A guest post over at John Chow’s blog today by Steven York titled Successful Blogging – 5 Tips for Writing With Confidence caught my attention today. The title was something that I was keen to read as I think that being confident as a blogger is important – however as I read it I found myself reacting against every point made.
The five points:
#1 – Don’t Ever Talk About Being Dugg/Reddited/Stumbled
#2 – Don’t Disclose Failure Unless It’s To Make a Point
#3 – Shout About Your Successes
#4 – Write with Authority
#5 – You Don’t Need To Tell The Truth All The Time
Now there is plenty of room for bloggers to blog in their own voice/style – but quite a bit of the advice in this post left me wondering what type of blog a blogger would build if they took all of the advice in it.
I was going to write a post on this topic – but ended up leaving it in a fairly raw form over on the post itself (I think my post is currently in moderation). I’ll repost my comment here in the hope that it’ll add to the conversation. I’ve added a few other thoughts to my original comments below (in italics).
Steven – I respectfully disagree with most of your points:
1. Talking about being Dugg/Stumbled etc can actually be a good move strategically. By mentioning it you introduce your regular readers to social bookmarking. I did this a couple of months ago on my photography blog and mentioned that the day before I’d had a lot of new readers from StumbleUpon and Digg. What I found is that most of my loyal readers had never heard of StumbleUpon or Digg before but many signed up to them that day. The next day I had massive traffic as a result of loyal readers submitting posts from my archives. I didn’t tell them to do it and only mentioned social bookmarking in passing but it was enough to get a lot of new readers using the tools.
While I agree that you wouldn’t want to constantly go on about how your blog has been Dugg or Stumbled I do think that an occasional mention can actually help to build a culture on your blog where readers naturally use these tools – something that a blog could really benefit from.
2. Disclosing failure is something that I think is important on a blog for numerous reasons. It makes you more relatable, it gives you something to build on when you teach how things SHOULD be done and it can show real character and transparency to your readers. I find that when I talk of my weaknesses or failures that many readers email me and comment thanking me for showing that side of things.
Steven used the example of Shoemoney showing his big check instead of talking about his failures.

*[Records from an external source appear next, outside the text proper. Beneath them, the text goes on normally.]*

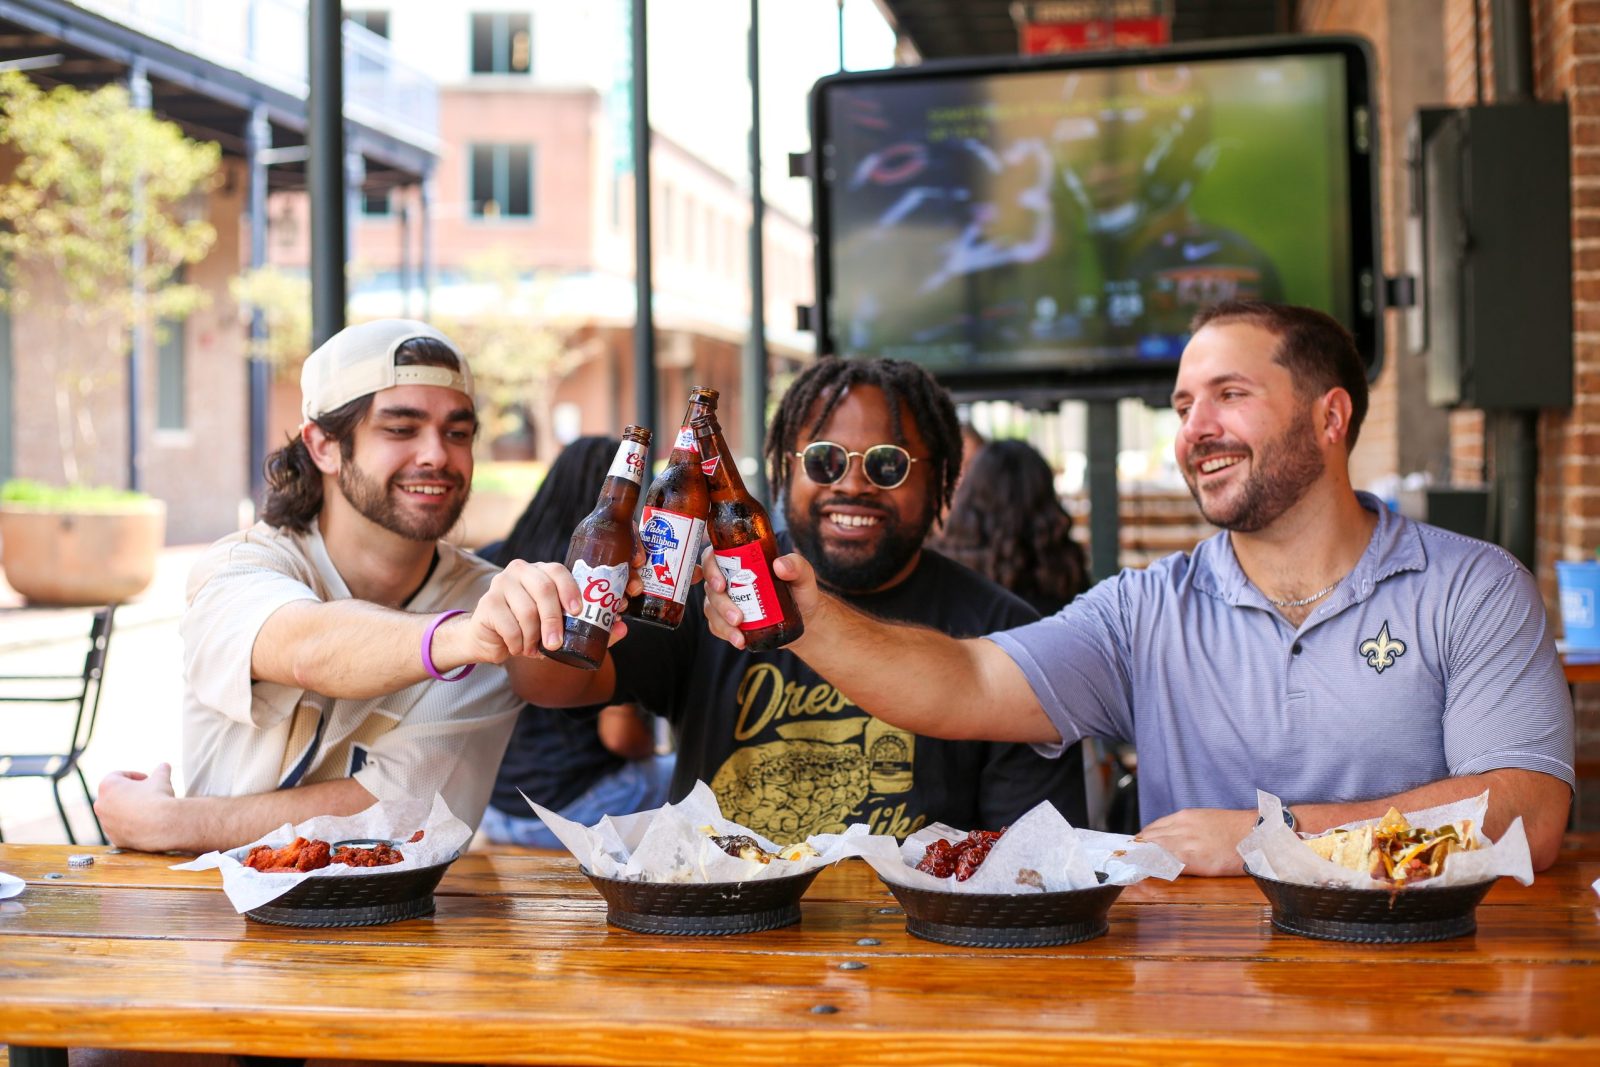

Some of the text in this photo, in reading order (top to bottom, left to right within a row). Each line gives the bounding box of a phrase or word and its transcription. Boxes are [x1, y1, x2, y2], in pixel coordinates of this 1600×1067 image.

[627, 465, 643, 478] LIG
[647, 520, 669, 536] Pabst
[650, 534, 677, 549] Ribbon
[753, 583, 768, 619] GENUINE
[584, 604, 614, 627] LIG
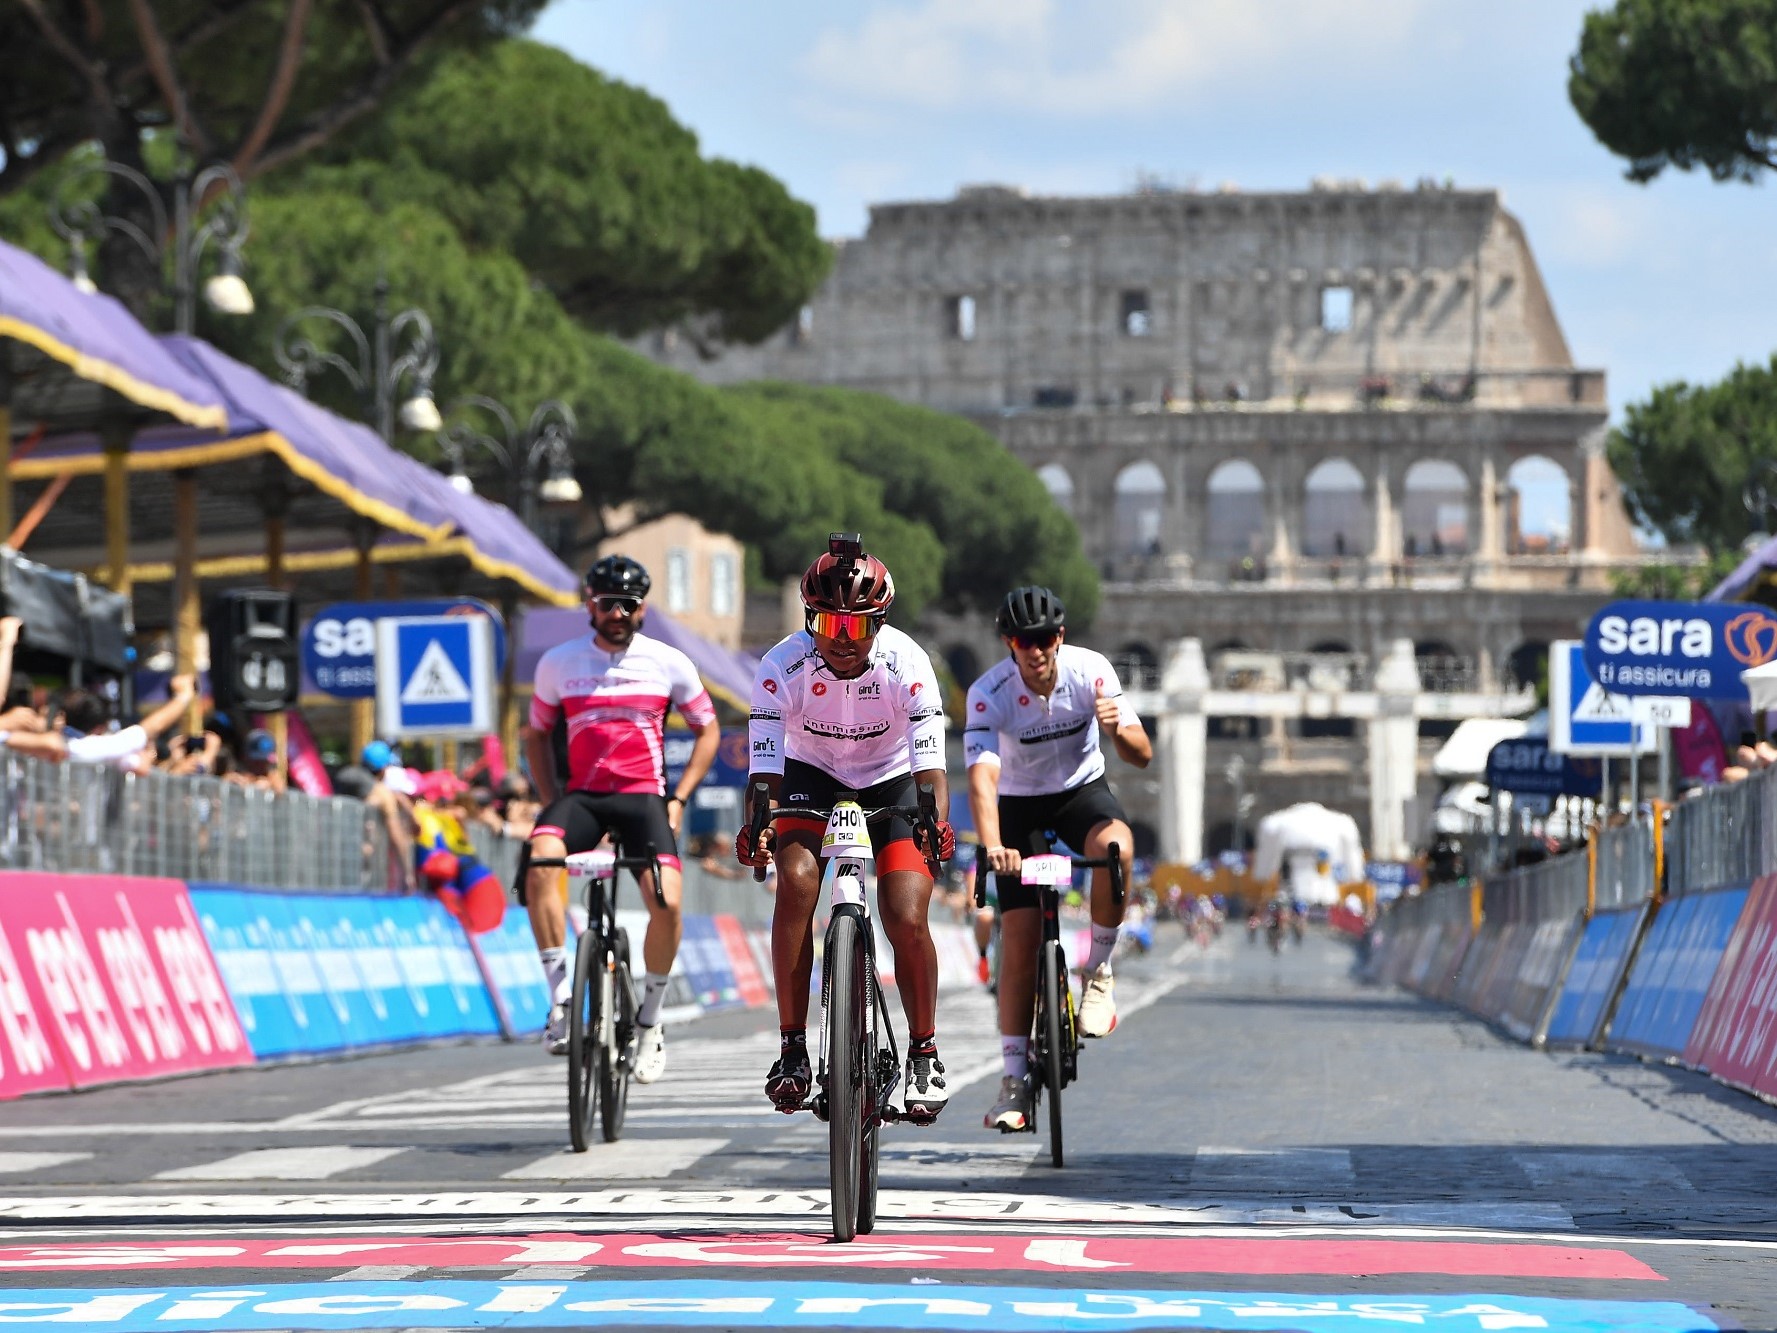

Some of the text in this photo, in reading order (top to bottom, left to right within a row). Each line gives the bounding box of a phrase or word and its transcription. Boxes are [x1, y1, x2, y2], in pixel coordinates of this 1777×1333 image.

[313, 617, 376, 658] sa
[1599, 616, 1712, 658] sara
[1600, 662, 1711, 688] ti assicura
[806, 720, 889, 735] intimissimi

I’d argue that while the check picture was crucial in his rise to fame that it was also his ability to talk about messing up. He’s written himself about this on numerous occasions. Check out his posts My Top 10 Worst Ideas to Make Money and My Advice to Connect with Your Readers.

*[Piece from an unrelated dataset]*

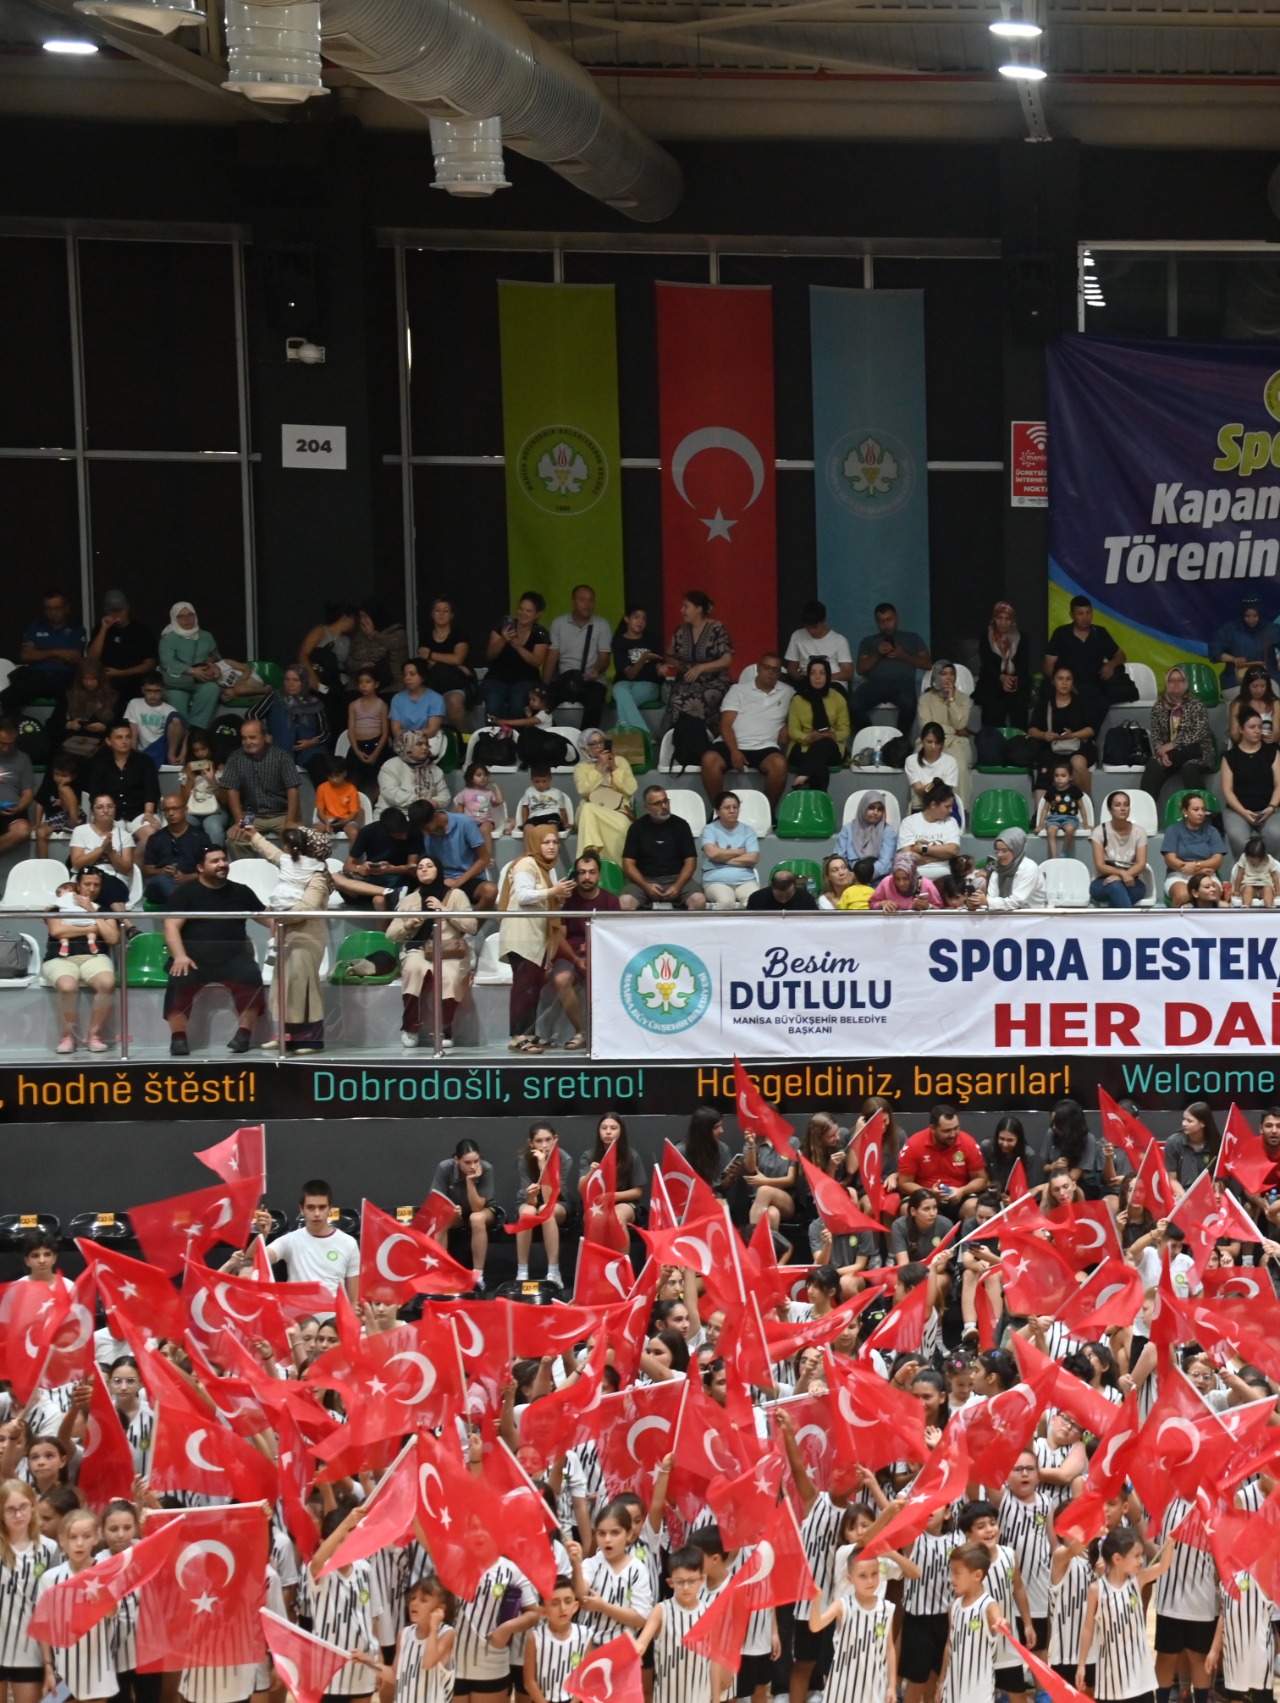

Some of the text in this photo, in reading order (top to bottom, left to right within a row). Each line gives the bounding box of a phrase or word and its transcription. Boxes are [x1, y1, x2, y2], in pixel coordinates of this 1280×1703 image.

3. Shouting about your Successes – I partly agree with you here but only to a point. If you don’t talk about your successes to some degree they might go unnoticed – but when you ’shout’ about them you can actually hurt your reputation. Constantly talking about how well you’ve done things can alienate readers who don’t achieve what you’ve achieved and it can come off as arrogant. I’ve seen numerous bloggers lose audience over being perceived in this way. I do agree with your words about using case studies to highlight your successes as this is a more helpful way to share them – but just be careful about doing it too often.
Again I’ll emphasize – that it’s not bad to highlight your successes – but do it in moderation and in a way that is relevant, relatable and on topic.
4. Authority - I agree with this point the most, although think that there is room for ambiguity on a blog. If you’re not sure about something – I wouldn’t recommend saying that you are or you could end up being caught out by readers. Authoritative statements that turn out to be wrong can hurt your reputation. It’s about being transparent – but also about covering your butt if you’re wrong.
Yes do blog with authority but only when you are an authority.
5. ‘You Don’t Need to Tell the Truth all the Time’ - Again I’m not so sure on this. While it is possible to write about something that you’ve never experienced I generally find that it’s more powerful to disclose your experience level on a topic. Again it’s about transparency – but also about connecting with your readers. Perhaps you’re different to me but I’d much rather read someone tell me how they’re trying something as a beginner than read something by someone who presents themselves as a know it all who obviously has little idea of what they’re saying.
Getting found out as a liar when you’re presenting yourself as an expert can have a lasting impact upon your reputation and blog’s profile.
I don’t mean to pick on your post – but what worries me about the style of blogging that you’re describing is that if people follow it they could end up hurting their reputation. While some bloggers might well get away with some of it – if you’re looking to build a blog with a long term profile in a niche and that is respected as a credible and authoritative source then I think a blogger needs to really consider the impact of taking this kind of advice.
Perhaps I was being a little harsh or narrow minded with my comment. I do think that there is room for promoting your successes, being authoritative etc – but look at a lot of successful blogs and see people who are fairly humble and down to earth people. While there are certainly a few who follow the five points above and still get successful I’m not sure I’d be building a blog on these strategies.
To me blogging with confidence has more to do with knowing what you do know and knowing what you don’t. Blogging about your experience. Connecting with your readers. Building relationships based upon trust and blogging in a way that is true to your values. But that’s just me – what do you think?